== Records supplied

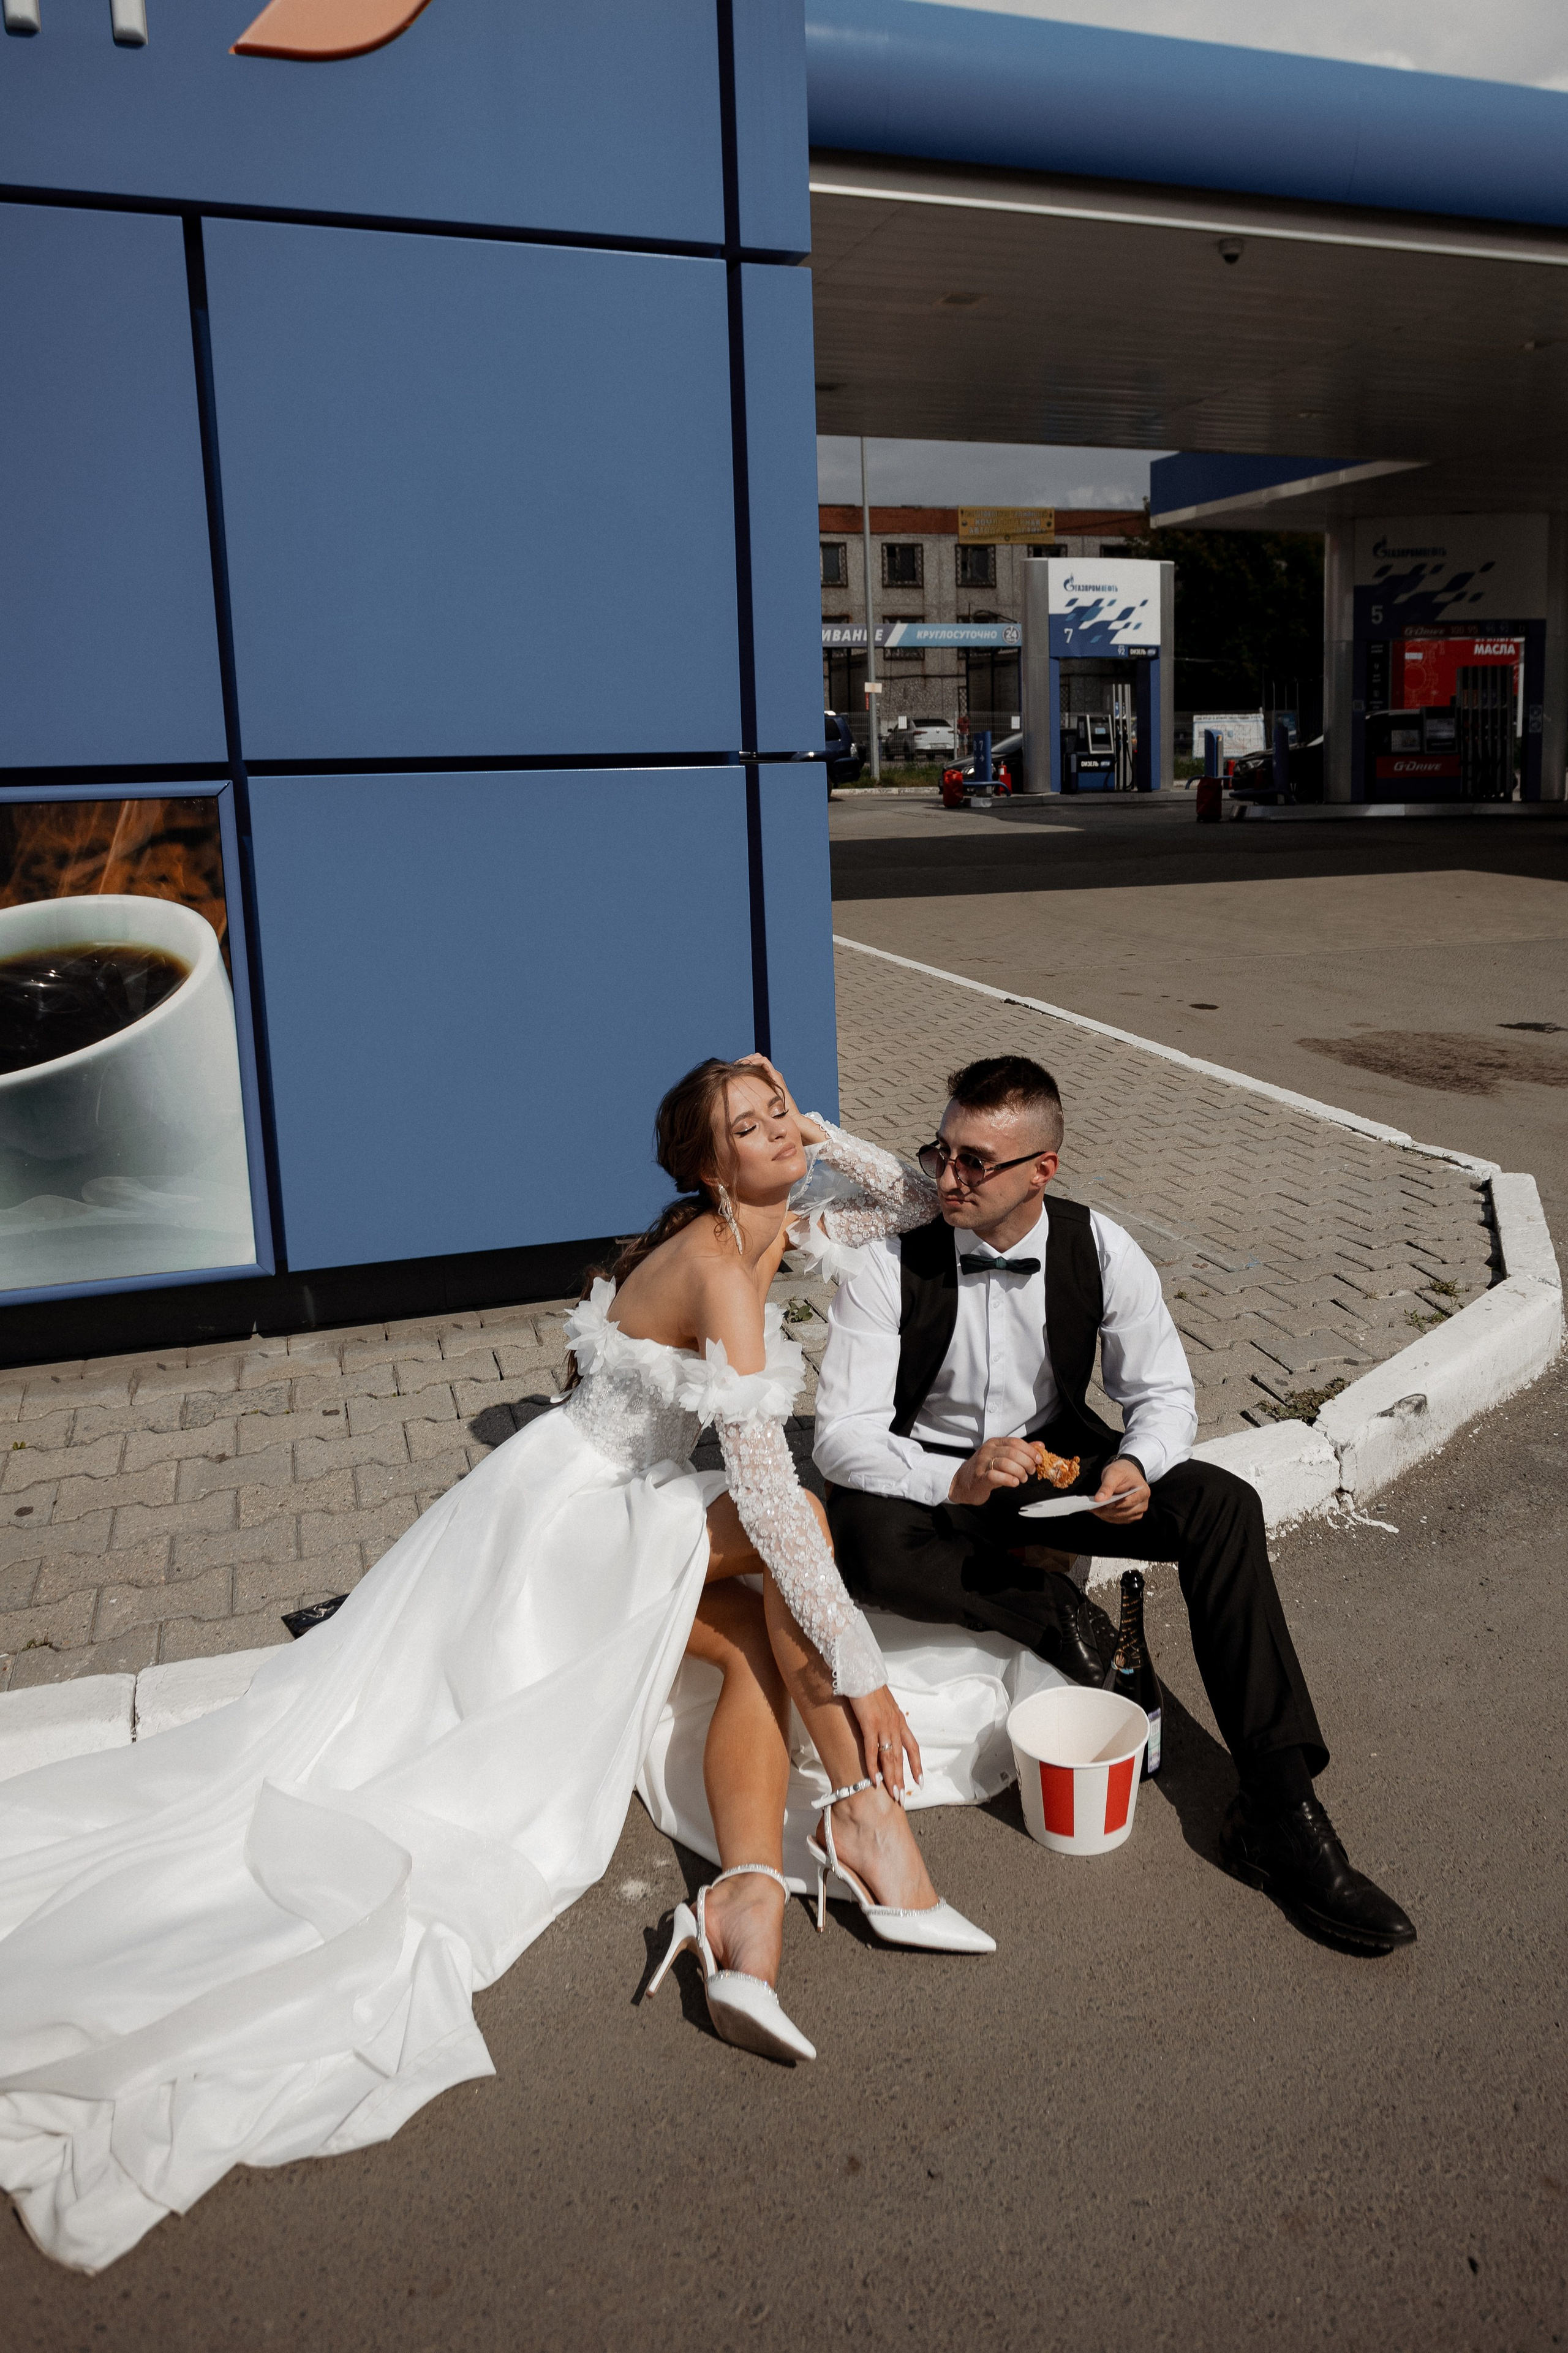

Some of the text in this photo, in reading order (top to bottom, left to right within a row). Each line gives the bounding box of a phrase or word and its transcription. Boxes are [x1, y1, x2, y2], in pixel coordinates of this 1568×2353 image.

[1371, 605, 1384, 624] 5
[917, 630, 998, 640] КРУГЛОСУТОЧНО
[1006, 630, 1017, 638] 24
[1064, 628, 1074, 644] 7
[1474, 644, 1516, 655] МАСЛА
[979, 740, 984, 751] 7

====

Using the records above, output their complete text exactly, minus any images.

Some of the text in this photo, in reading order (top to bottom, left to right within a row). Each line gives the bounding box of a phrase or word and its transcription. Boxes are [x1, y1, x2, y2], in pixel coordinates of this 1568×2353 image.

[1371, 605, 1384, 624] 5
[917, 630, 998, 640] КРУГЛОСУТОЧНО
[1006, 630, 1017, 638] 24
[1064, 628, 1074, 644] 7
[1474, 644, 1516, 655] МАСЛА
[979, 740, 984, 751] 7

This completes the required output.